Repeat the data word for word and skip the pictures.

**** EXTRACTED DATA ****

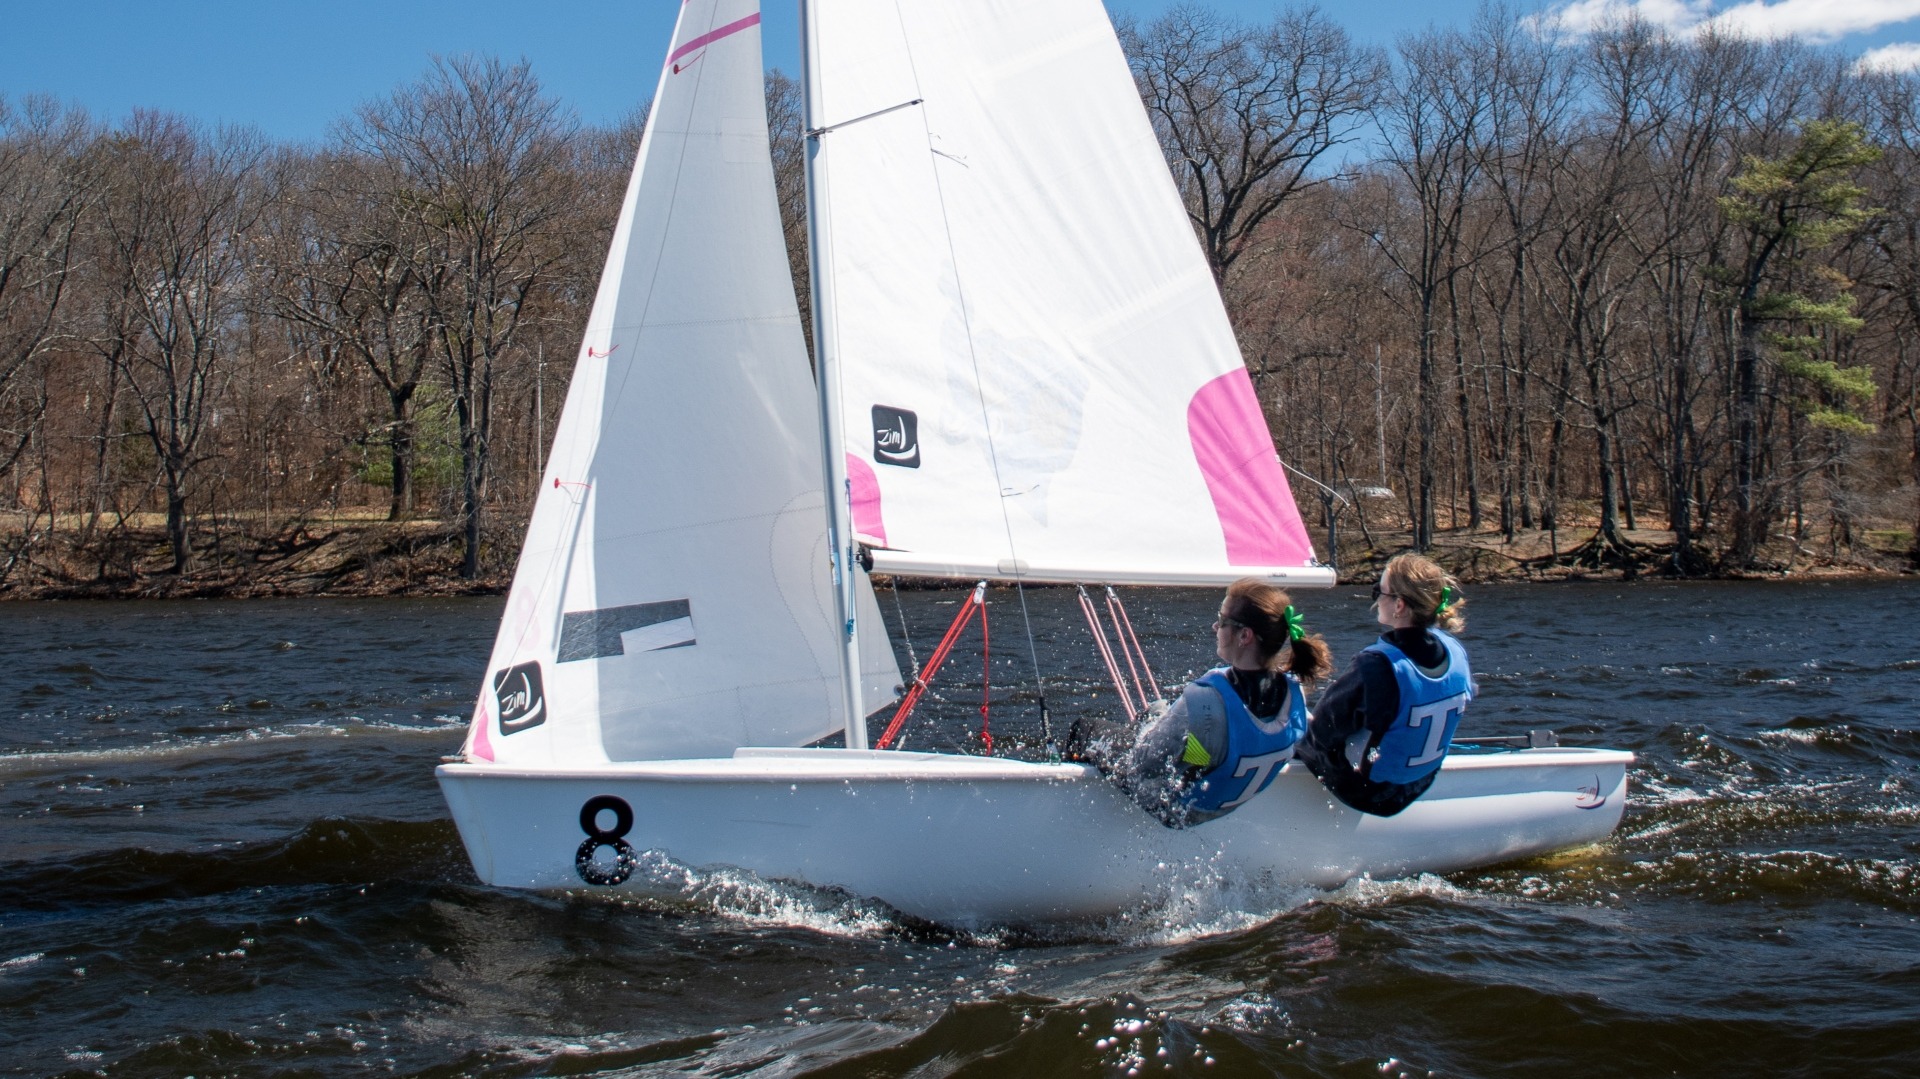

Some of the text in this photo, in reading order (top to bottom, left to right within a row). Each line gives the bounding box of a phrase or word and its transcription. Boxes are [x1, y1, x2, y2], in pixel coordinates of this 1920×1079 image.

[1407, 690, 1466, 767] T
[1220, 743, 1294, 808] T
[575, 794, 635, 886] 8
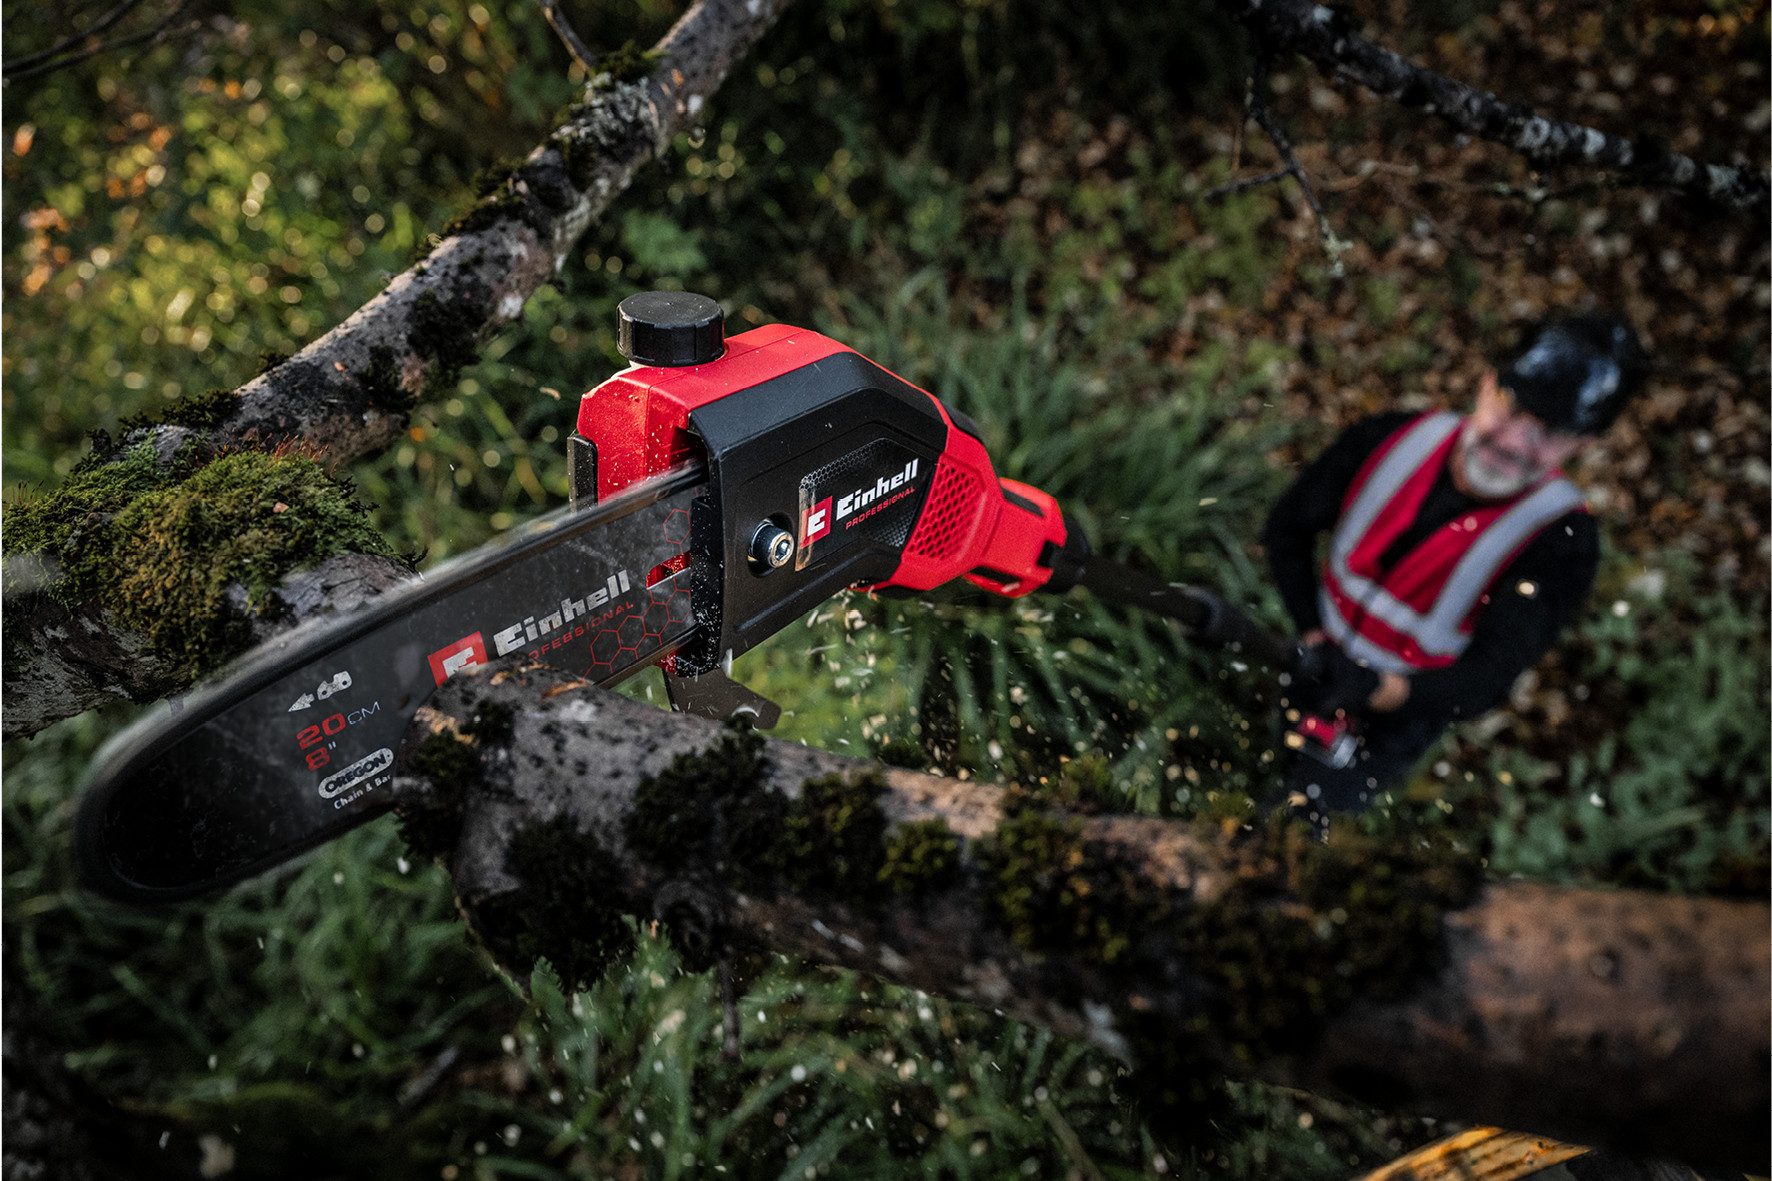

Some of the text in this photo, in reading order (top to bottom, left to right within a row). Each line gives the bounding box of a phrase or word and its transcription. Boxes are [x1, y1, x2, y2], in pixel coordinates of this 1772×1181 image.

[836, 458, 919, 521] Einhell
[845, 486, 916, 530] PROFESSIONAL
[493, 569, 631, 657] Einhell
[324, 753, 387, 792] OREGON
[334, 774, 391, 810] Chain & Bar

****

TASK RESPONSE:
Some of the text in this photo, in reading order (top to bottom, left to right within a row). Each line gives the bounding box of a phrase or word and its transcription. Boxes are [x1, y1, x2, y2], in pixel coordinates of this 1920×1079 image.

[1407, 690, 1466, 767] T
[1220, 743, 1294, 808] T
[575, 794, 635, 886] 8

Some of the text in this photo, in reading order (top to bottom, left to right within a row). Each line gives the bounding box of a phrase or word and its transcription. Boxes are [x1, y1, x2, y2], in pixel coordinates of this 1772×1181 image.

[836, 458, 919, 521] Einhell
[845, 486, 916, 530] PROFESSIONAL
[493, 569, 631, 657] Einhell
[324, 753, 387, 792] OREGON
[334, 774, 391, 810] Chain & Bar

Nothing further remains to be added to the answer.